- Try it
Reproduce the entries below in full, word for word.

- Extracted information
------------------------------------------------------------

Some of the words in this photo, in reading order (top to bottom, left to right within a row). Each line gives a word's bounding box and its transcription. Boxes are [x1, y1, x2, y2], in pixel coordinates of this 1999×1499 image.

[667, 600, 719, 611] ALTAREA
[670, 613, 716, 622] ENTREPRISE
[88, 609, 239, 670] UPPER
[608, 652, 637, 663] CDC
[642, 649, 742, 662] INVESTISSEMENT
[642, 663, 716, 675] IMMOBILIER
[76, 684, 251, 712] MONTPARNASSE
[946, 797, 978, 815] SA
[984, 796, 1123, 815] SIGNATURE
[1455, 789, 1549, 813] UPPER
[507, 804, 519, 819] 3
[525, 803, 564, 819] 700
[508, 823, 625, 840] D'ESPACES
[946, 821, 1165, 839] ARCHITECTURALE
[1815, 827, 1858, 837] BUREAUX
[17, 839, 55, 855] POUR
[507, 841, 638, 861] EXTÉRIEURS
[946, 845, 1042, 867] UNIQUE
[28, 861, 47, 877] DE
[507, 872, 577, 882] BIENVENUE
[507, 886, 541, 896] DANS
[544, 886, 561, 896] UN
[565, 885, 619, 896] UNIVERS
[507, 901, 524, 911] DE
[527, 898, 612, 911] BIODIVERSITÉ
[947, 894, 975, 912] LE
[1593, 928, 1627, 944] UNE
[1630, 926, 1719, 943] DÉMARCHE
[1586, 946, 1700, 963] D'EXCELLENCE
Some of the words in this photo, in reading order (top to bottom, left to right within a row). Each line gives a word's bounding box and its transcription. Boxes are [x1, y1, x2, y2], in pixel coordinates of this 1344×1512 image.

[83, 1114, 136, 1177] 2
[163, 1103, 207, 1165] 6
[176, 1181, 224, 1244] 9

------------------------------------------------------------

- Task answer
Some of the words in this photo, in reading order (top to bottom, left to right within a row). Each line gives a word's bounding box and its transcription. Boxes are [x1, y1, x2, y2], in pixel coordinates of this 1999×1499 image.

[667, 600, 719, 611] ALTAREA
[670, 613, 716, 622] ENTREPRISE
[88, 609, 239, 670] UPPER
[608, 652, 637, 663] CDC
[642, 649, 742, 662] INVESTISSEMENT
[642, 663, 716, 675] IMMOBILIER
[76, 684, 251, 712] MONTPARNASSE
[946, 797, 978, 815] SA
[984, 796, 1123, 815] SIGNATURE
[1455, 789, 1549, 813] UPPER
[507, 804, 519, 819] 3
[525, 803, 564, 819] 700
[508, 823, 625, 840] D'ESPACES
[946, 821, 1165, 839] ARCHITECTURALE
[1815, 827, 1858, 837] BUREAUX
[17, 839, 55, 855] POUR
[507, 841, 638, 861] EXTÉRIEURS
[946, 845, 1042, 867] UNIQUE
[28, 861, 47, 877] DE
[507, 872, 577, 882] BIENVENUE
[507, 886, 541, 896] DANS
[544, 886, 561, 896] UN
[565, 885, 619, 896] UNIVERS
[507, 901, 524, 911] DE
[527, 898, 612, 911] BIODIVERSITÉ
[947, 894, 975, 912] LE
[1593, 928, 1627, 944] UNE
[1630, 926, 1719, 943] DÉMARCHE
[1586, 946, 1700, 963] D'EXCELLENCE
Some of the words in this photo, in reading order (top to bottom, left to right within a row). Each line gives a word's bounding box and its transcription. Boxes are [x1, y1, x2, y2], in pixel coordinates of this 1344×1512 image.

[83, 1114, 136, 1177] 2
[163, 1103, 207, 1165] 6
[176, 1181, 224, 1244] 9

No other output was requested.